# PROBLEM DESCRIPTION
Each record should be copied exactly into the answer, and no picture should go with it.

# RECORDS PROVIDED
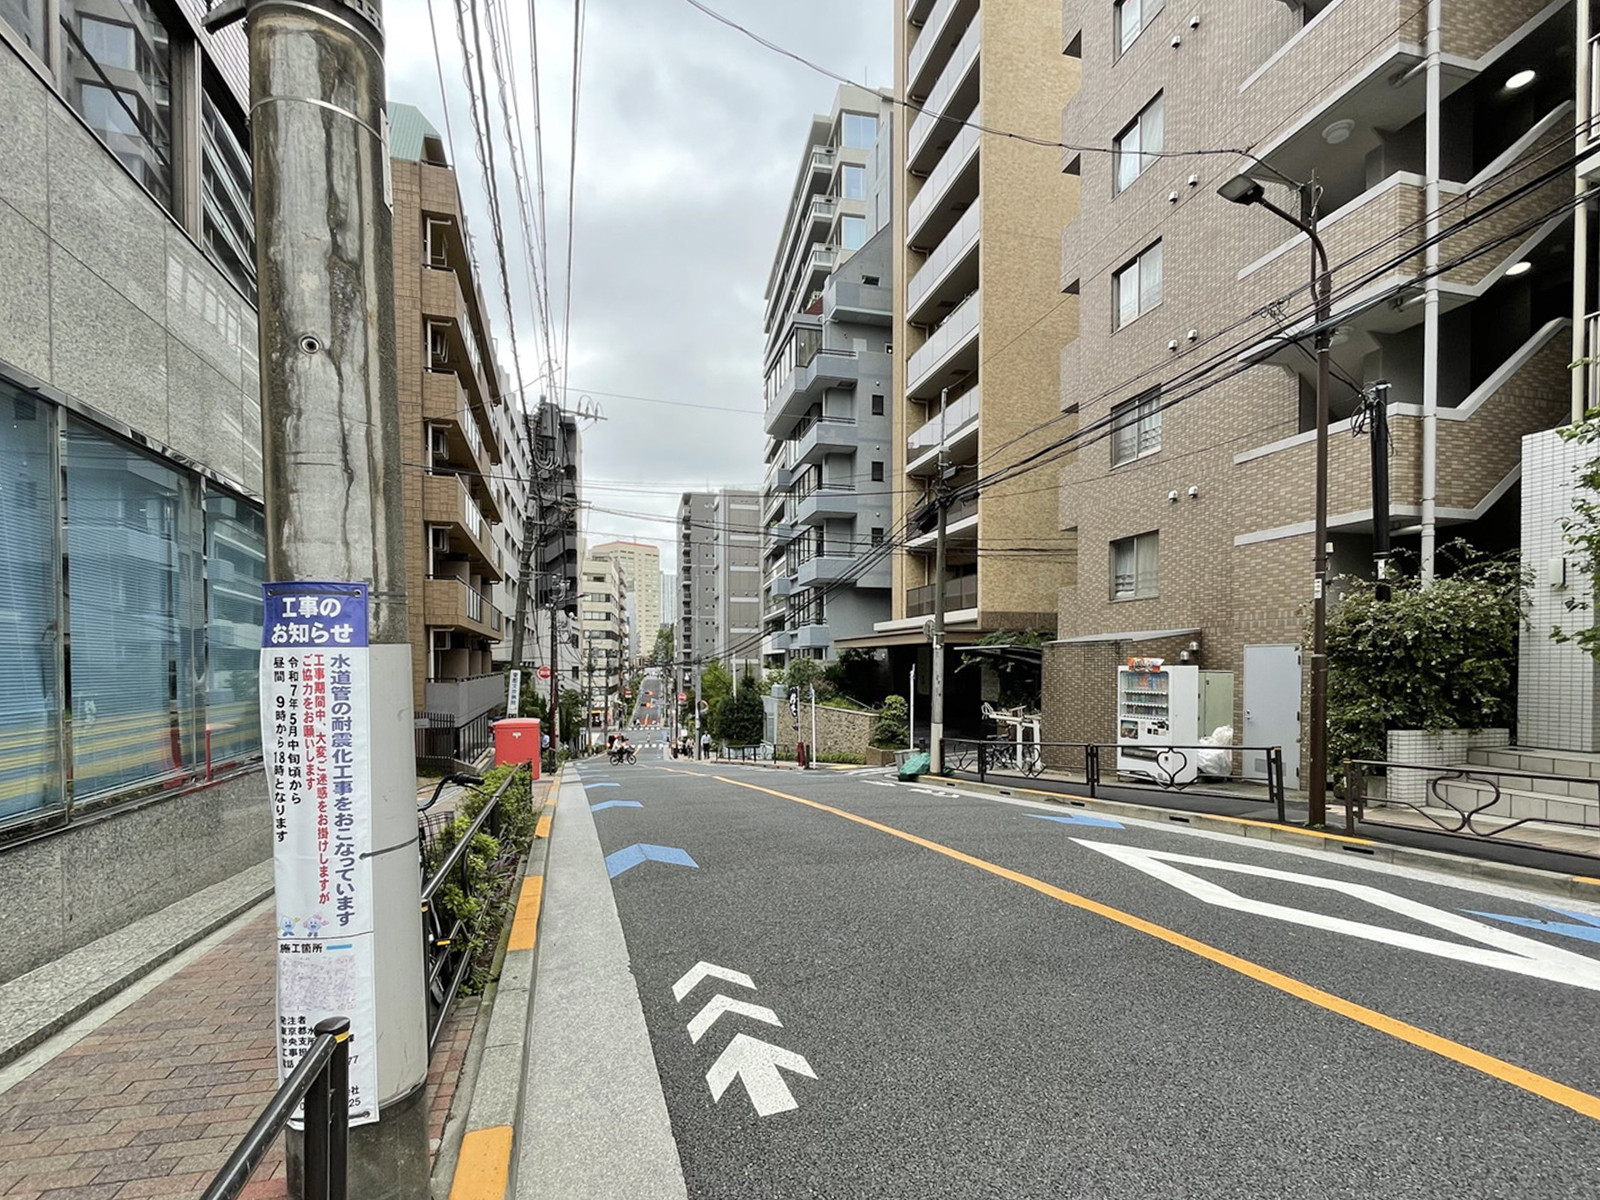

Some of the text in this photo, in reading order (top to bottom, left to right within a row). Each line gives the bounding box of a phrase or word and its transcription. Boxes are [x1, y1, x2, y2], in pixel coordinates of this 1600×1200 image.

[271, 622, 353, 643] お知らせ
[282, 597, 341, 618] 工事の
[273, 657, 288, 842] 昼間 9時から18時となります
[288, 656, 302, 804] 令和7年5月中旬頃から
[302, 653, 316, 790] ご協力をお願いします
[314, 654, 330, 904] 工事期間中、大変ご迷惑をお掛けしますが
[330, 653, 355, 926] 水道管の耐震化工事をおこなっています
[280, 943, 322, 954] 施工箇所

# EXPECTED OUTPUT
Some of the text in this photo, in reading order (top to bottom, left to right within a row). Each line gives the bounding box of a phrase or word and its transcription. Boxes are [x1, y1, x2, y2], in pixel coordinates of this 1600×1200 image.

[271, 622, 353, 643] お知らせ
[282, 597, 341, 618] 工事の
[273, 657, 288, 842] 昼間 9時から18時となります
[288, 656, 302, 804] 令和7年5月中旬頃から
[302, 653, 316, 790] ご協力をお願いします
[314, 654, 330, 904] 工事期間中、大変ご迷惑をお掛けしますが
[330, 653, 355, 926] 水道管の耐震化工事をおこなっています
[280, 943, 322, 954] 施工箇所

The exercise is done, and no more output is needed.